[Collected data]
++++
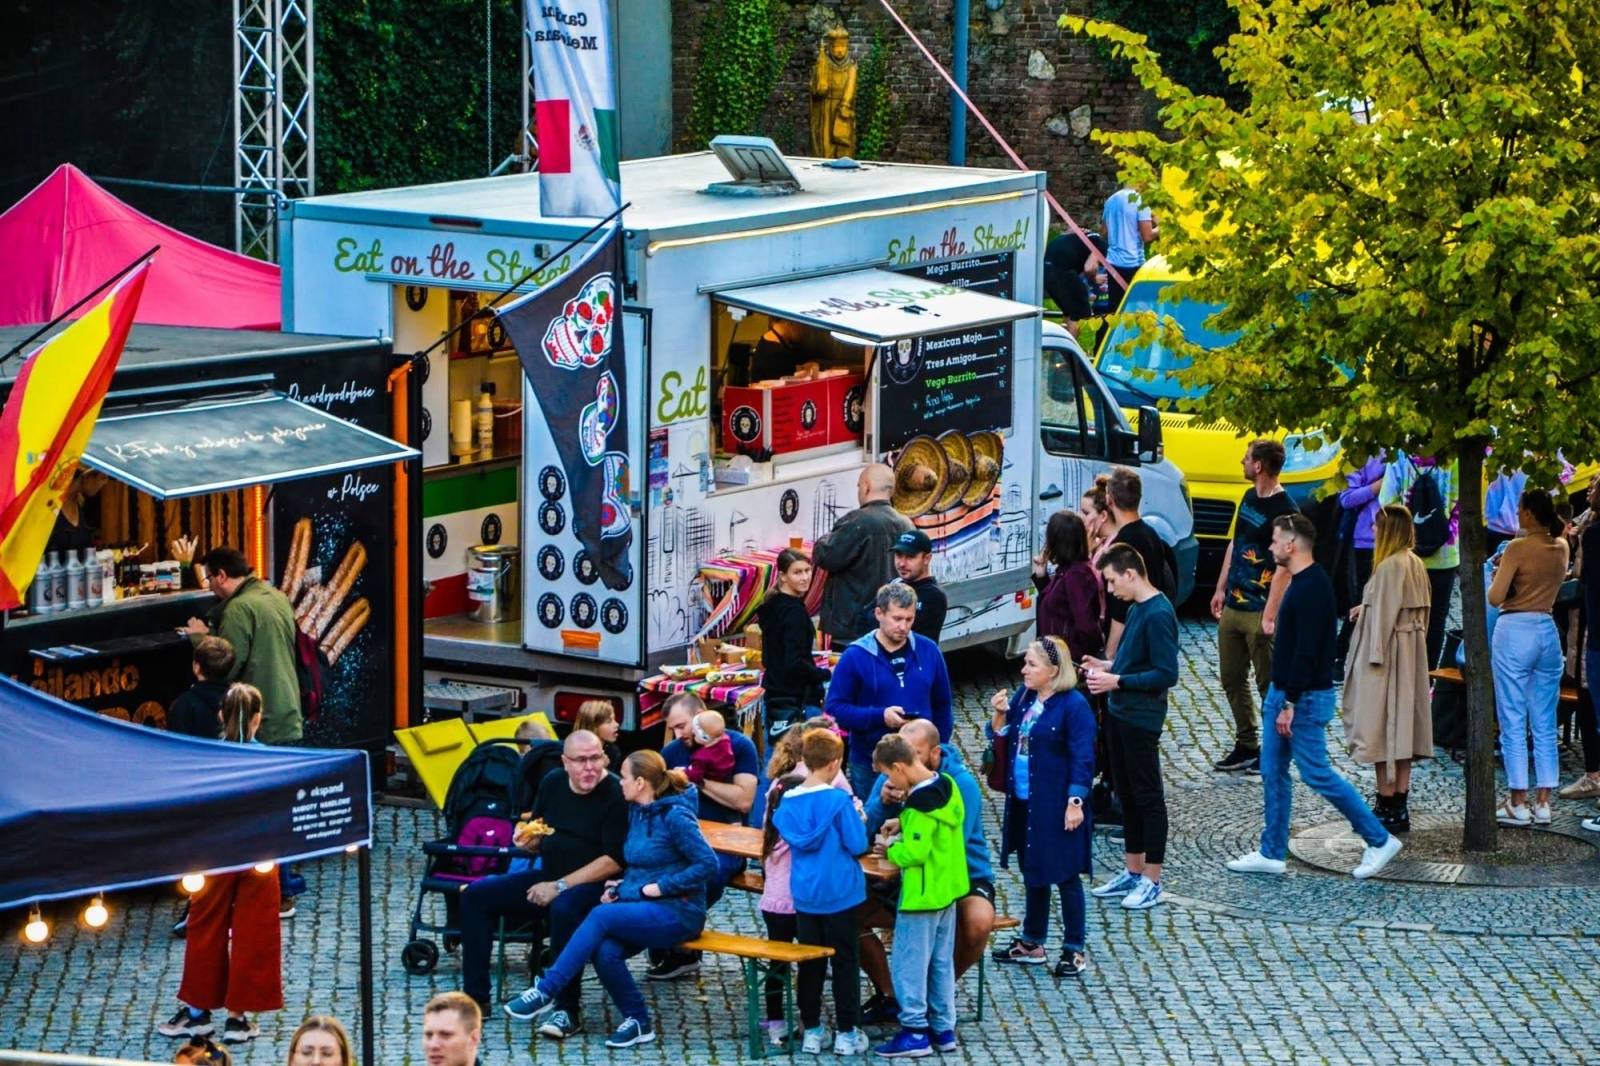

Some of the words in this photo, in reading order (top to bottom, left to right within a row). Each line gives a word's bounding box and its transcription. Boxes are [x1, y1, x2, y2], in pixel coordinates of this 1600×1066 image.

[888, 235, 916, 265] Eat
[919, 246, 940, 261] on
[940, 227, 968, 257] the
[334, 237, 384, 273] Eat
[391, 254, 424, 277] on
[426, 242, 475, 280] the
[926, 265, 950, 276] Mega
[926, 337, 961, 351] Mexican
[962, 332, 983, 345] Mojo
[926, 359, 945, 370] Tres
[945, 353, 978, 366] Amigos
[926, 379, 947, 390] Vege
[947, 371, 978, 384] Burrito
[657, 366, 708, 424] Eat
[341, 473, 380, 502] Polsce
[310, 782, 344, 797] ekspand
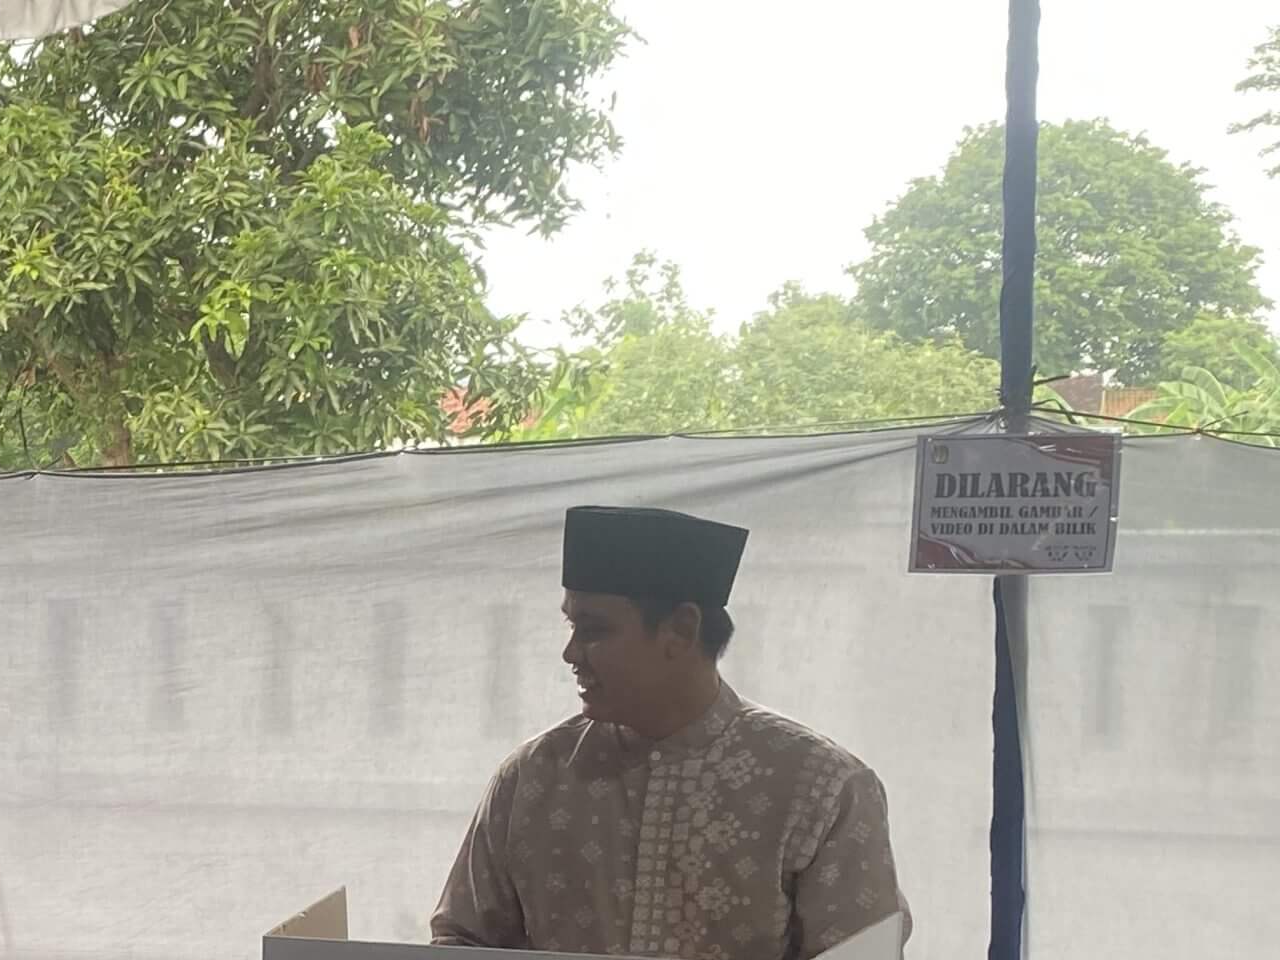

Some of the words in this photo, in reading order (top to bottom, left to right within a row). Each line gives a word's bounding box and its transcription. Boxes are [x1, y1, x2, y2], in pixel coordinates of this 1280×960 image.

[934, 472, 1097, 498] DILARANG
[930, 505, 1013, 519] MENGAMBIL
[930, 522, 973, 535] VIDEO
[977, 523, 994, 535] DI
[998, 522, 1049, 535] DALAM
[1055, 522, 1096, 535] BILIK
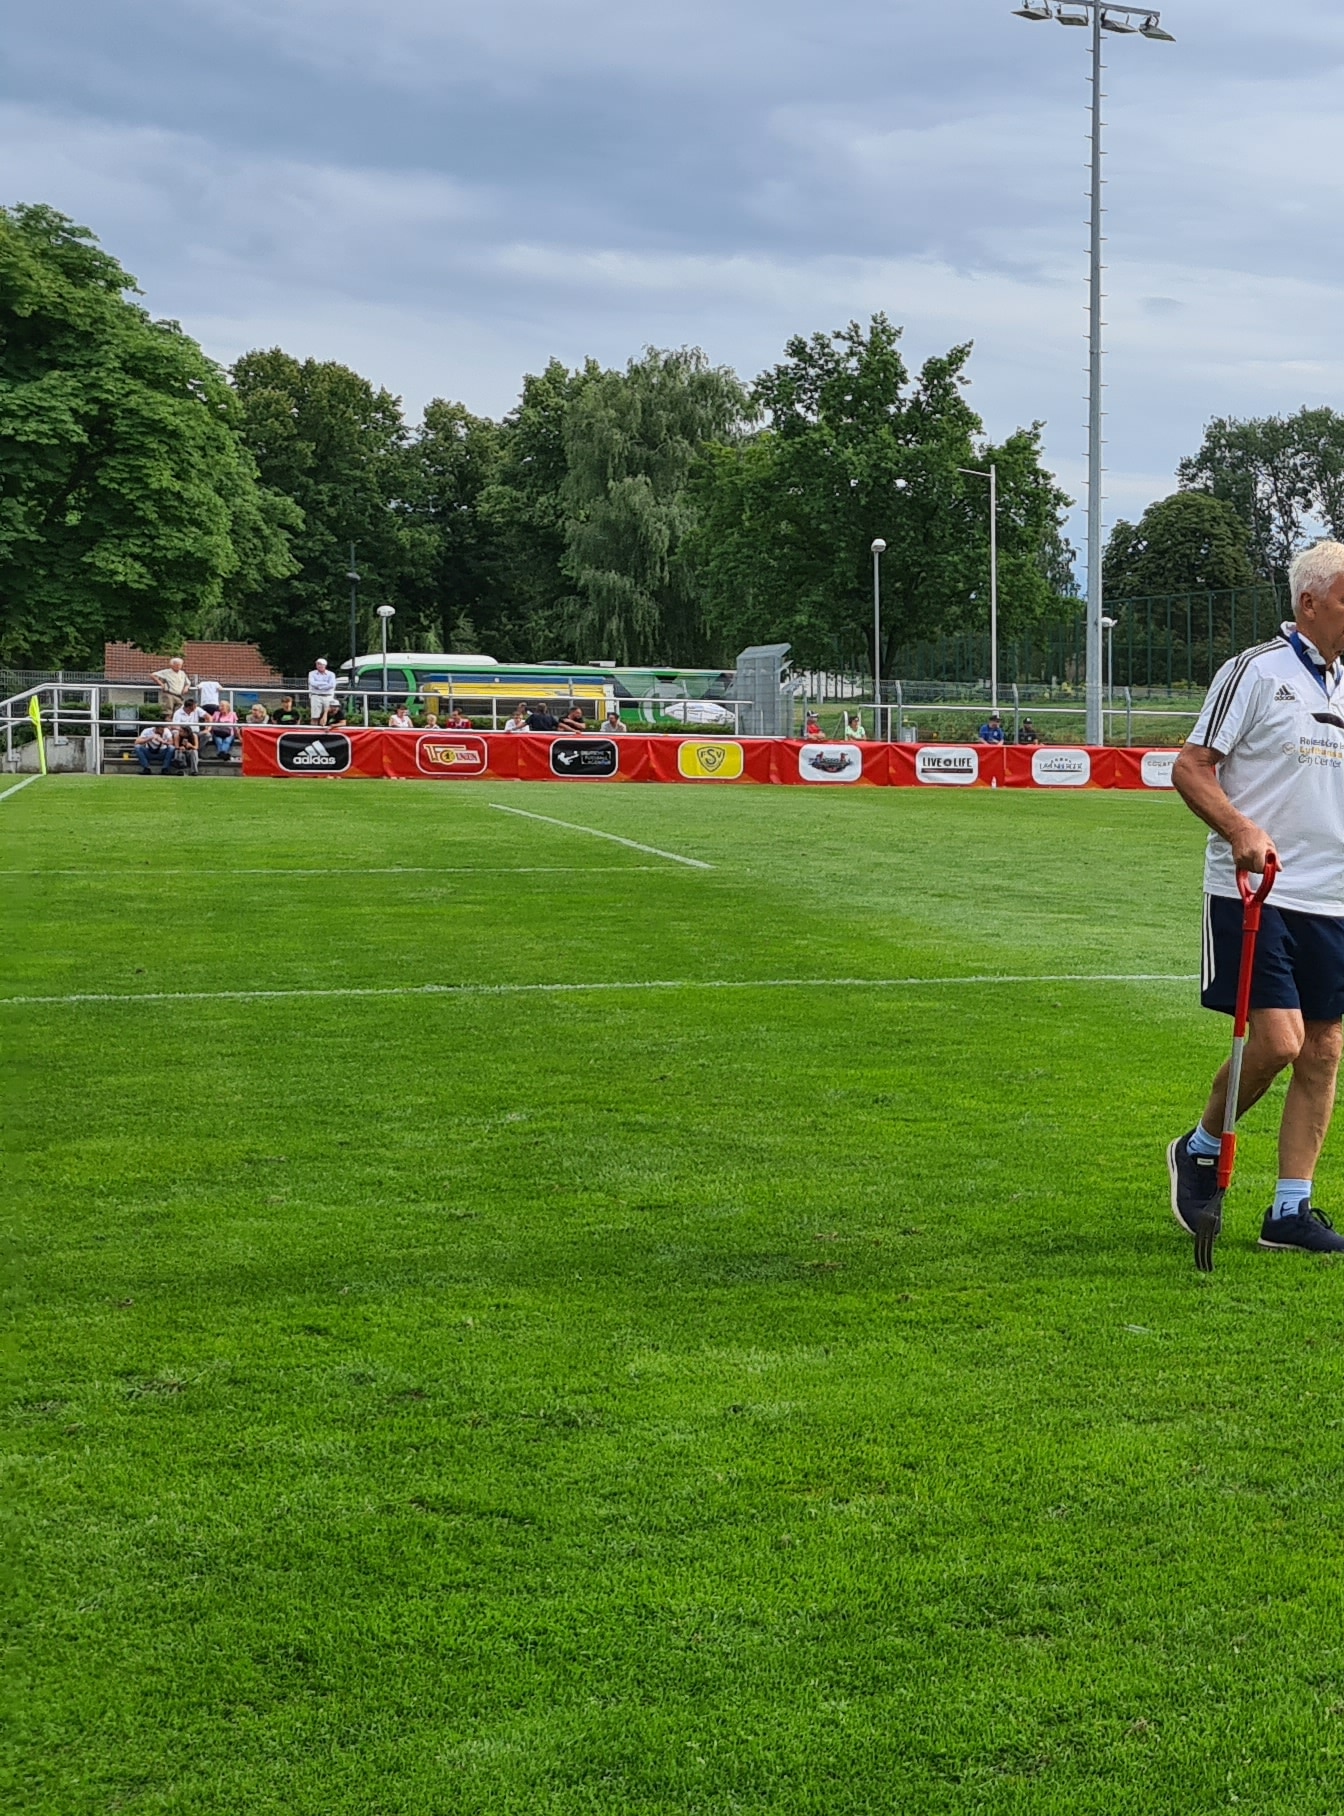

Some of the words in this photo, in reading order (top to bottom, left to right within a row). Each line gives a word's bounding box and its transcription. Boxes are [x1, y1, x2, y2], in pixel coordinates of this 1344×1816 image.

[293, 754, 336, 764] adidas
[923, 757, 942, 767] LIVE
[954, 758, 973, 767] LIFE
++++
Problem to solve
Reproduce every entry word for word, but omit the pictures.

Response
Some of the words in this photo, in reading order (top to bottom, left to right within a row). Each line gives a word's bounding box and its transcription. Boxes are [x1, y1, x2, y2], in pixel coordinates of this 1600×1066 image.

[888, 235, 916, 265] Eat
[919, 246, 940, 261] on
[940, 227, 968, 257] the
[334, 237, 384, 273] Eat
[391, 254, 424, 277] on
[426, 242, 475, 280] the
[926, 265, 950, 276] Mega
[926, 337, 961, 351] Mexican
[962, 332, 983, 345] Mojo
[926, 359, 945, 370] Tres
[945, 353, 978, 366] Amigos
[926, 379, 947, 390] Vege
[947, 371, 978, 384] Burrito
[657, 366, 708, 424] Eat
[341, 473, 380, 502] Polsce
[310, 782, 344, 797] ekspand

Some of the words in this photo, in reading order (top to bottom, left to right within a row). Each line gives a word's bounding box and its transcription. Boxes are [x1, y1, x2, y2], in pixel coordinates of this 1280×960 image.

[934, 472, 1097, 498] DILARANG
[930, 505, 1013, 519] MENGAMBIL
[930, 522, 973, 535] VIDEO
[977, 523, 994, 535] DI
[998, 522, 1049, 535] DALAM
[1055, 522, 1096, 535] BILIK

Some of the words in this photo, in reading order (top to bottom, left to right within a row). Each line gives a word's bounding box and its transcription. Boxes are [x1, y1, x2, y2], in pixel coordinates of this 1344×1816 image.

[293, 754, 336, 764] adidas
[923, 757, 942, 767] LIVE
[954, 758, 973, 767] LIFE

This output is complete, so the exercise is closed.